Activity: All records below are to be repeated exactly, with the pictures left out.

----------

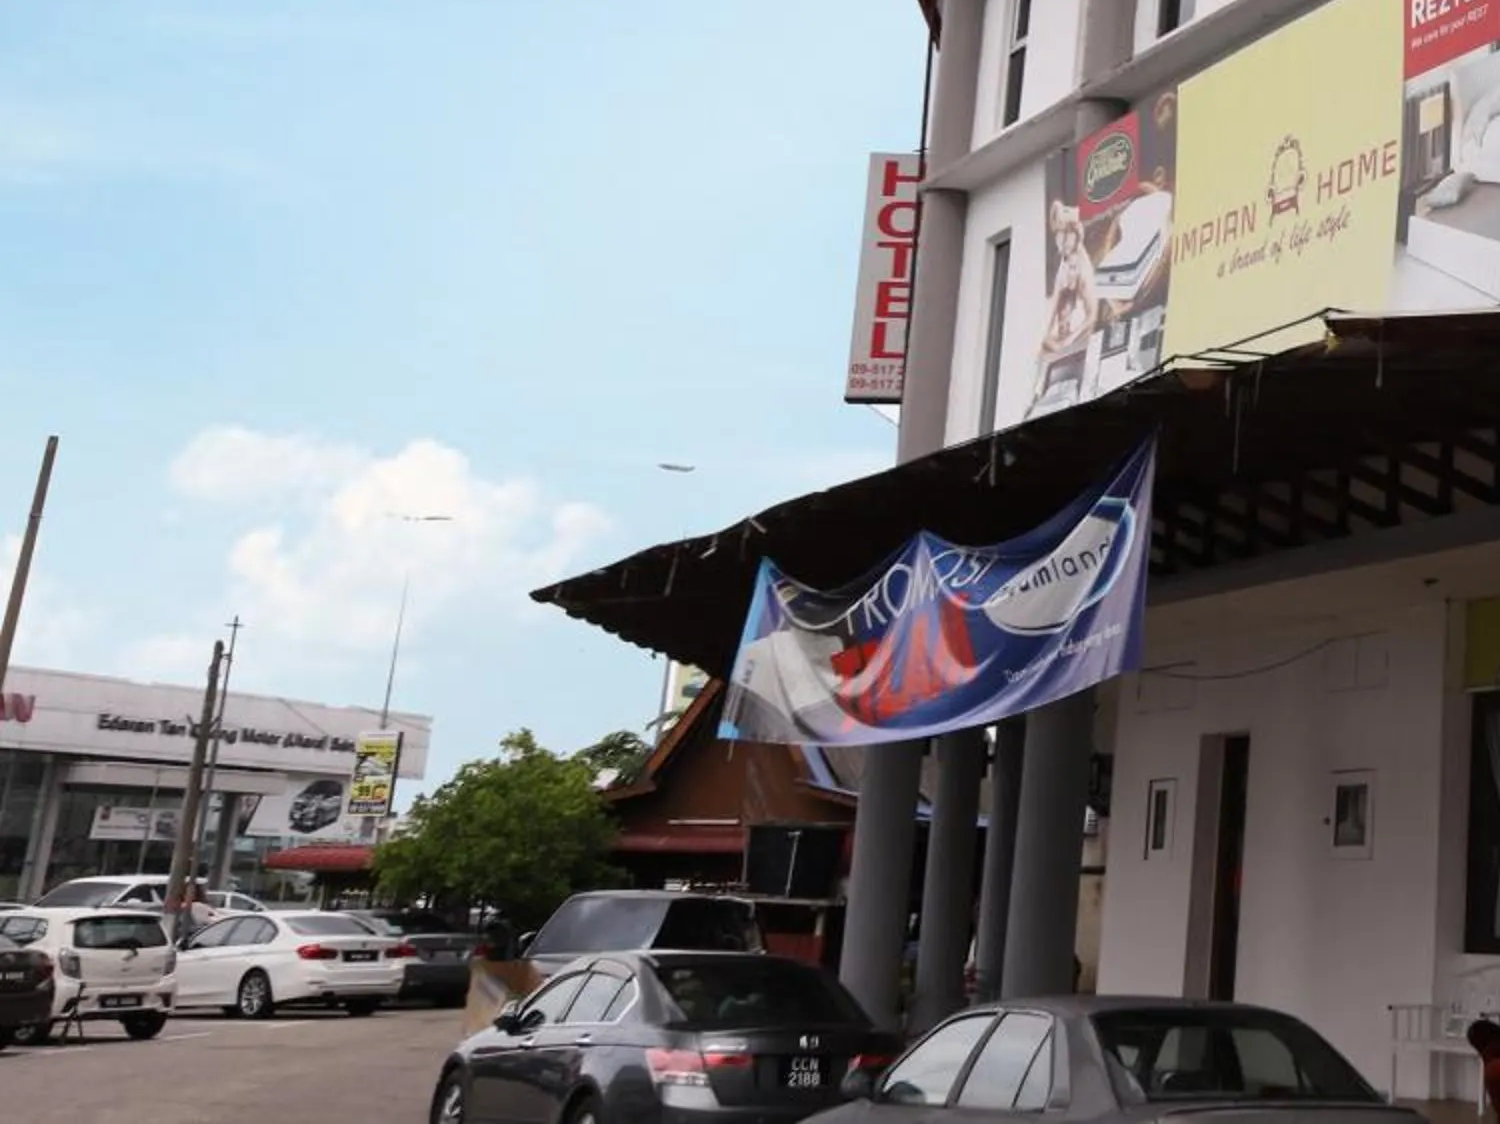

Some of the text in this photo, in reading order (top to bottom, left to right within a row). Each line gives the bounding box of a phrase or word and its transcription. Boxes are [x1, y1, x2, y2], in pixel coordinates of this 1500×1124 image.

[1174, 140, 1398, 263] IMPIAN HOME
[1270, 231, 1285, 264] of
[1316, 204, 1352, 243] style
[870, 161, 926, 359] HOTEL
[159, 719, 187, 736] Tan

----------

The completed task:
Some of the text in this photo, in reading order (top to bottom, left to right within a row). Each line gives the bounding box of a phrase or word and its transcription. Boxes are [x1, y1, x2, y2], in pixel coordinates of this 1500×1124 image.

[1174, 140, 1398, 263] IMPIAN HOME
[1270, 231, 1285, 264] of
[1316, 204, 1352, 243] style
[870, 161, 926, 359] HOTEL
[159, 719, 187, 736] Tan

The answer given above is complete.